- Study material -
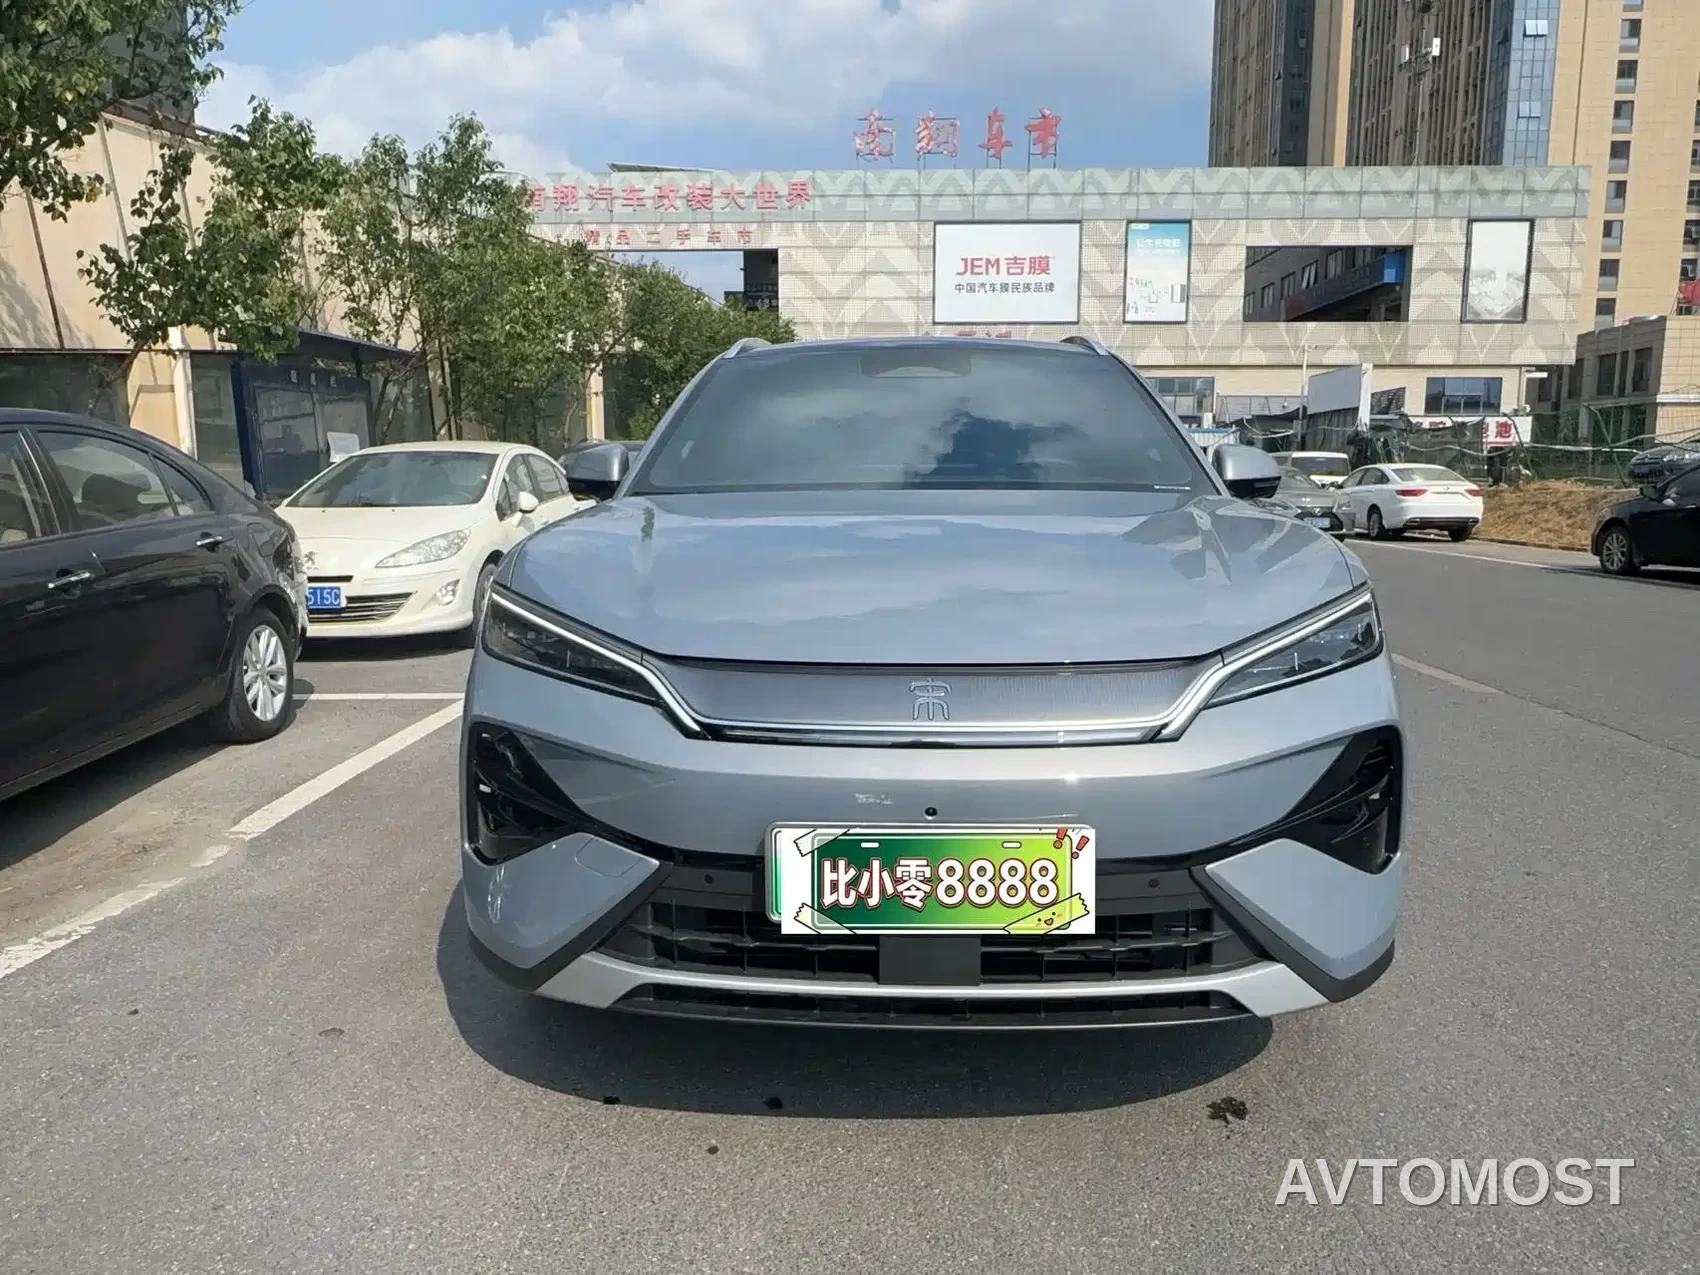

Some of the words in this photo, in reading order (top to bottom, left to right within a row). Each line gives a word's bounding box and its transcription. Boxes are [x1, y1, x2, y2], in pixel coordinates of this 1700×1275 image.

[956, 257, 1000, 276] JEM
[1004, 255, 1051, 276] 吉膜
[955, 281, 1055, 294] 中国汽车膜民族品牌
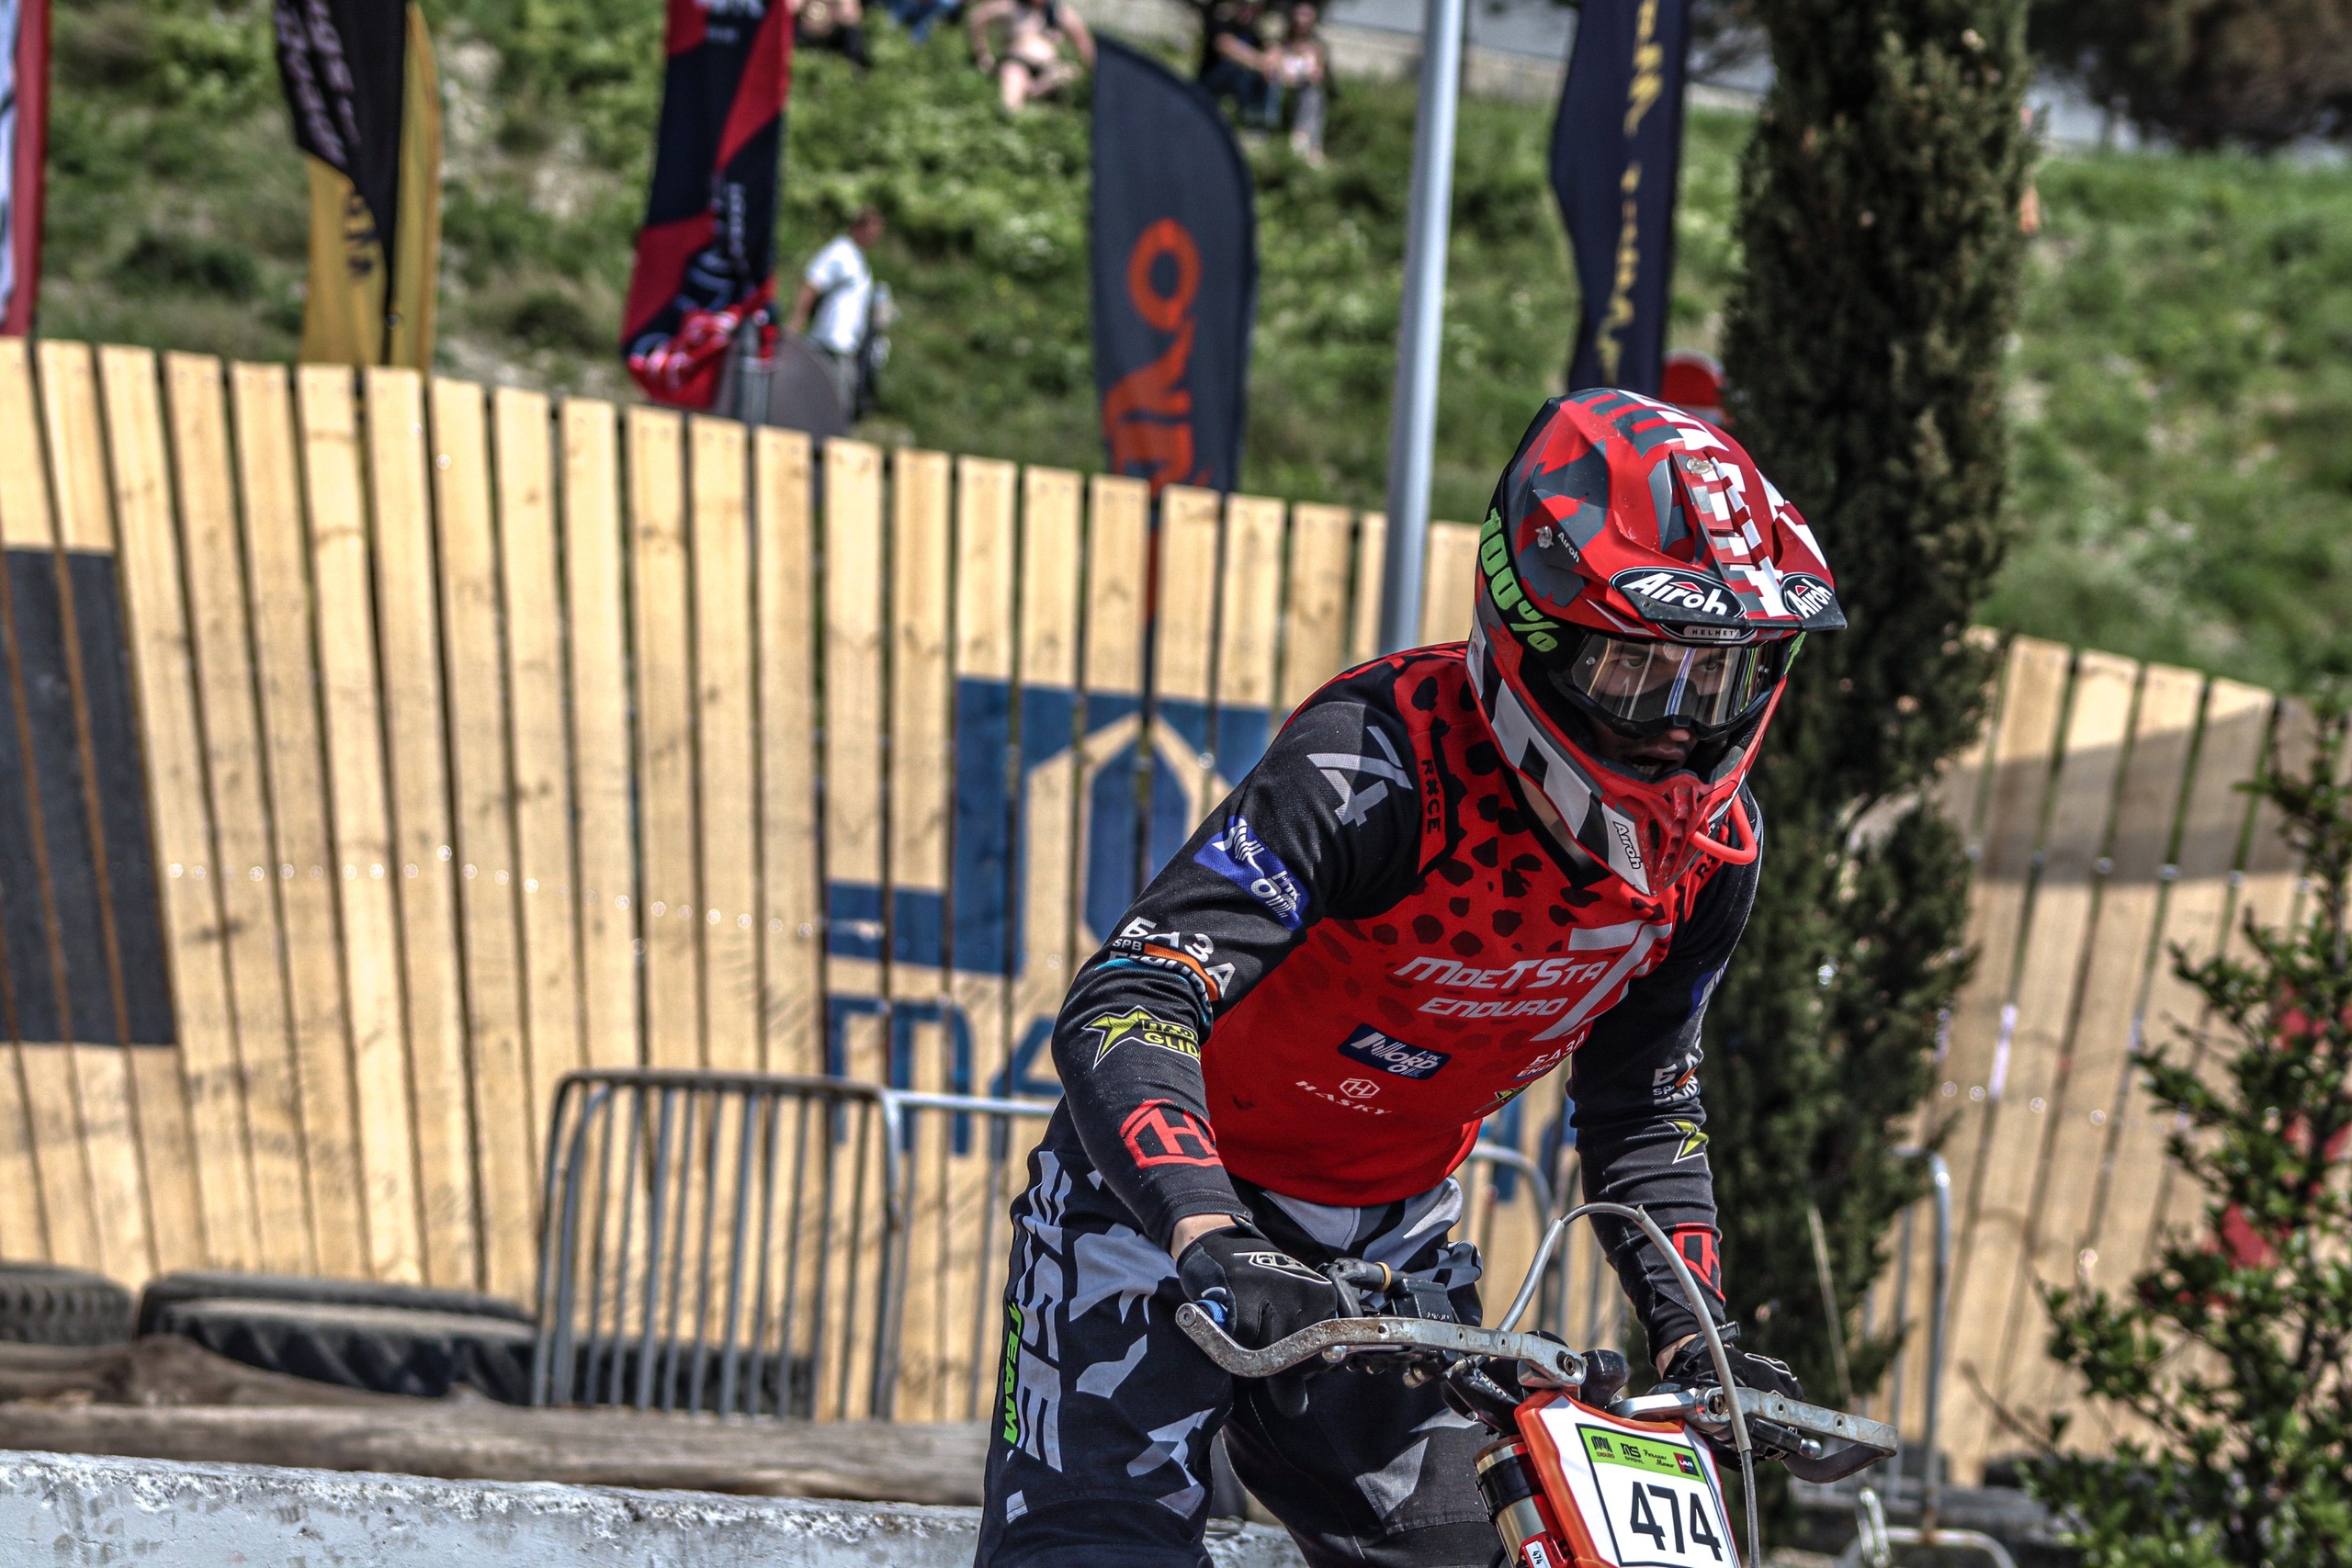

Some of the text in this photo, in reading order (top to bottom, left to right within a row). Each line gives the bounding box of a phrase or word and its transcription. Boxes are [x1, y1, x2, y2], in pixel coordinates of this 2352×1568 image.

[1556, 531, 1581, 563] Airoh
[1480, 507, 1560, 652] 100%
[1620, 571, 1728, 617] Airoh
[1786, 578, 1834, 619] Airoh
[1612, 820, 1643, 870] Airoh
[1112, 938, 1143, 952] SPB
[1417, 997, 1569, 1019] ENDURO
[1144, 1032, 1202, 1060] GLID
[1350, 1032, 1439, 1069] NORD
[1003, 1302, 1023, 1445] TEAM
[1630, 1481, 1724, 1562] 474
[1532, 1550, 1544, 1565] 474
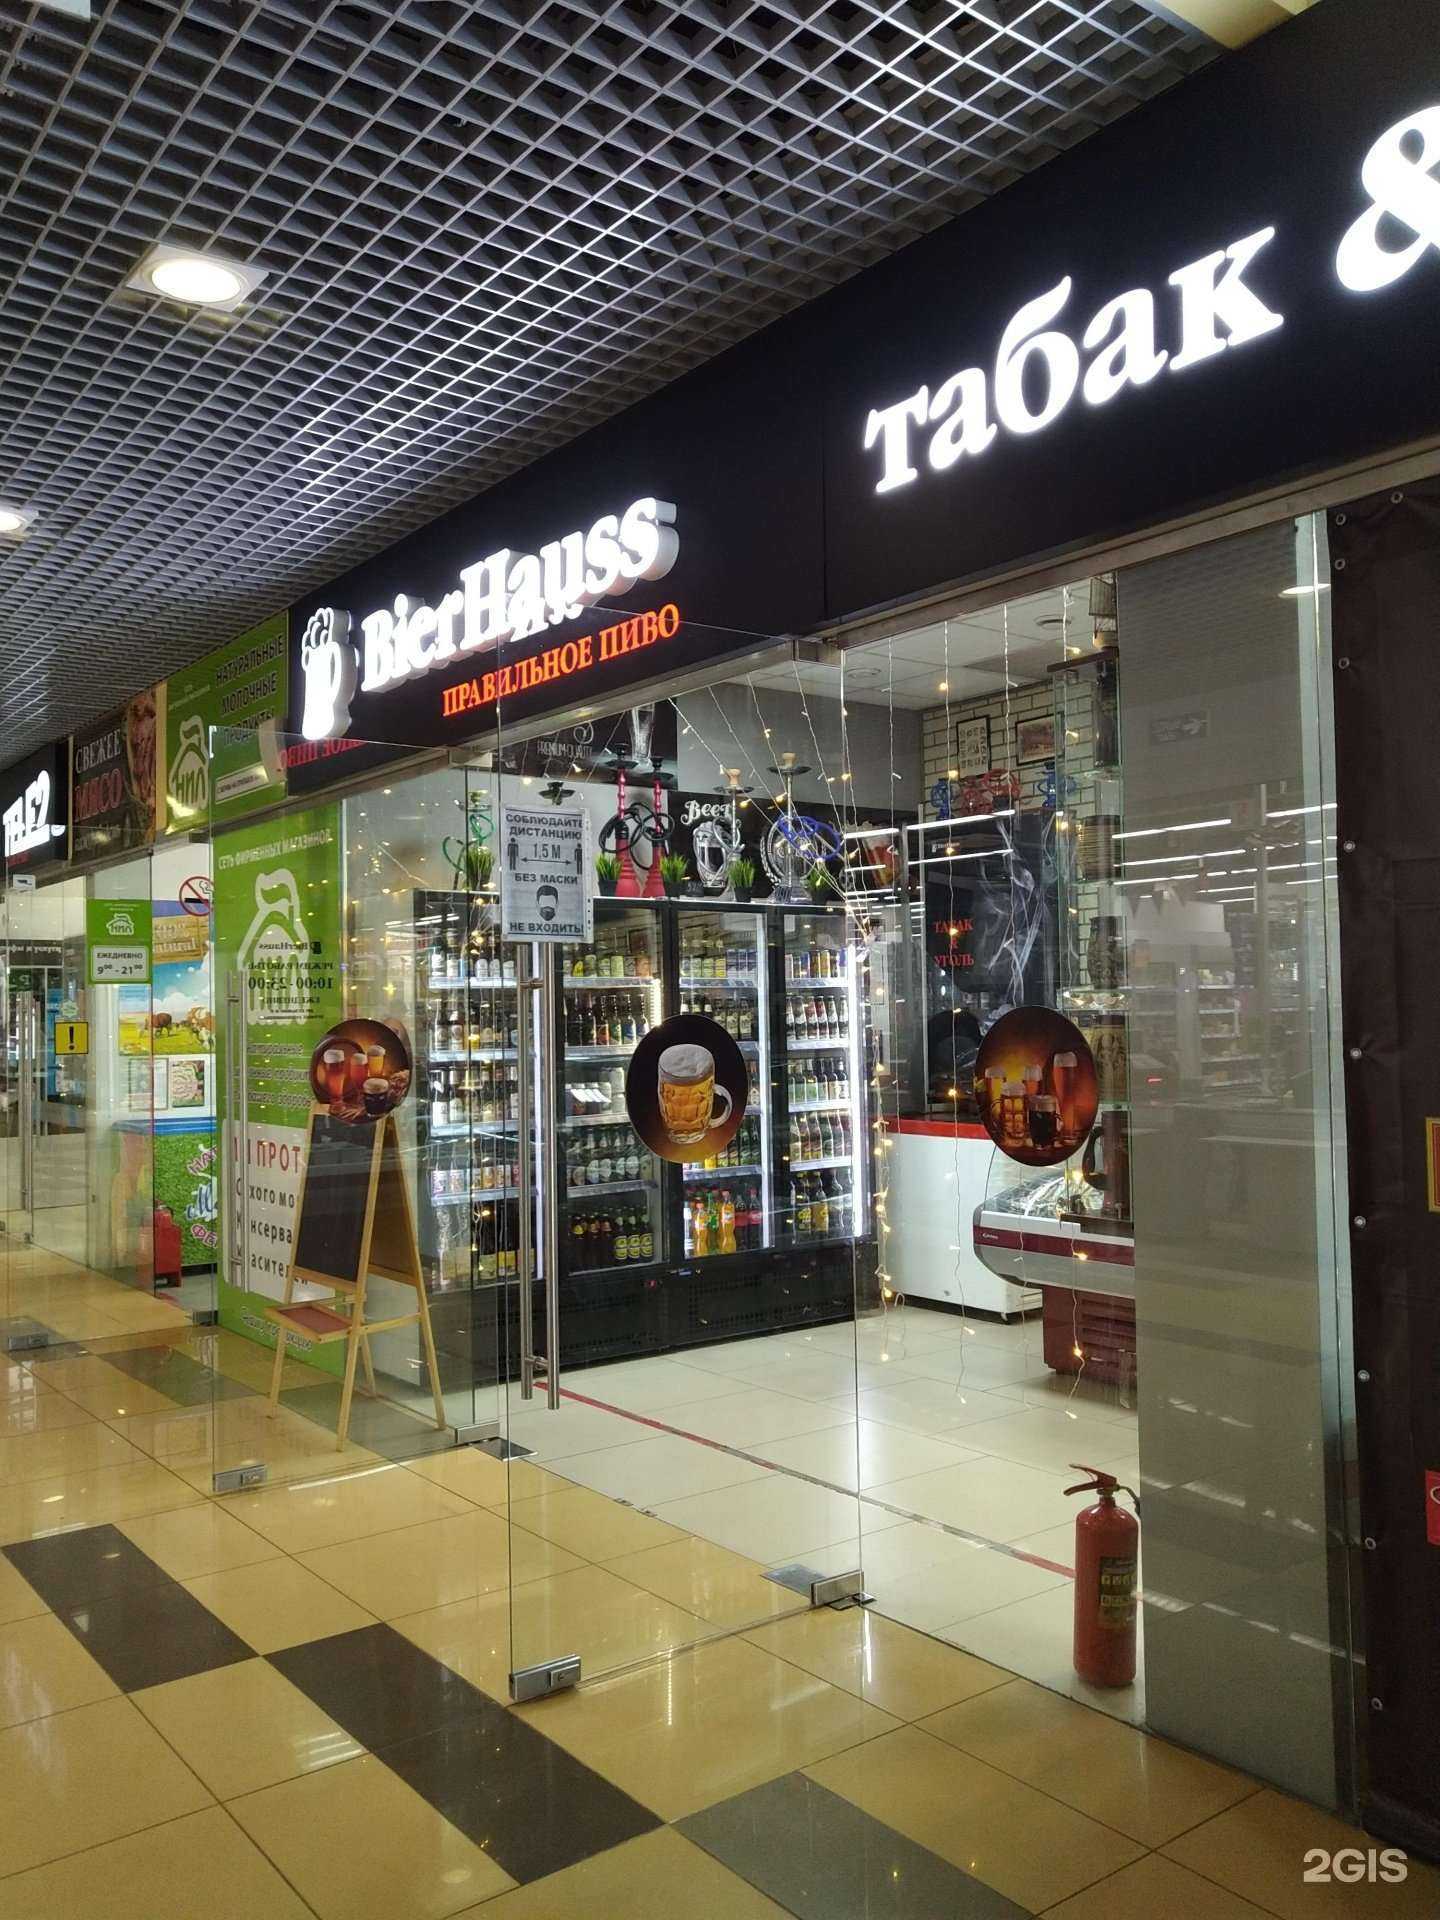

- Exercise -
With the pictures stripped out, return each record word for word.

- Output for this exercise -
Some of the words in this photo, in reading order (top to bottom, left to right within a row). Each line gives a word's bounding box and its transcription. Boxes are [x1, y1, x2, y2], in pixel coordinates of this 1700×1275 image.

[956, 257, 1000, 276] JEM
[1004, 255, 1051, 276] 吉膜
[955, 281, 1055, 294] 中国汽车膜民族品牌

Some of the text in this photo, in reading order (top to bottom, left to right within a row). Each line gives the bounding box of a phrase or word and its transcription. Boxes are [x1, y1, x2, y2], in pixel coordinates of this 2352×1568 image.

[1556, 531, 1581, 563] Airoh
[1480, 507, 1560, 652] 100%
[1620, 571, 1728, 617] Airoh
[1786, 578, 1834, 619] Airoh
[1612, 820, 1643, 870] Airoh
[1112, 938, 1143, 952] SPB
[1417, 997, 1569, 1019] ENDURO
[1144, 1032, 1202, 1060] GLID
[1350, 1032, 1439, 1069] NORD
[1003, 1302, 1023, 1445] TEAM
[1630, 1481, 1724, 1562] 474
[1532, 1550, 1544, 1565] 474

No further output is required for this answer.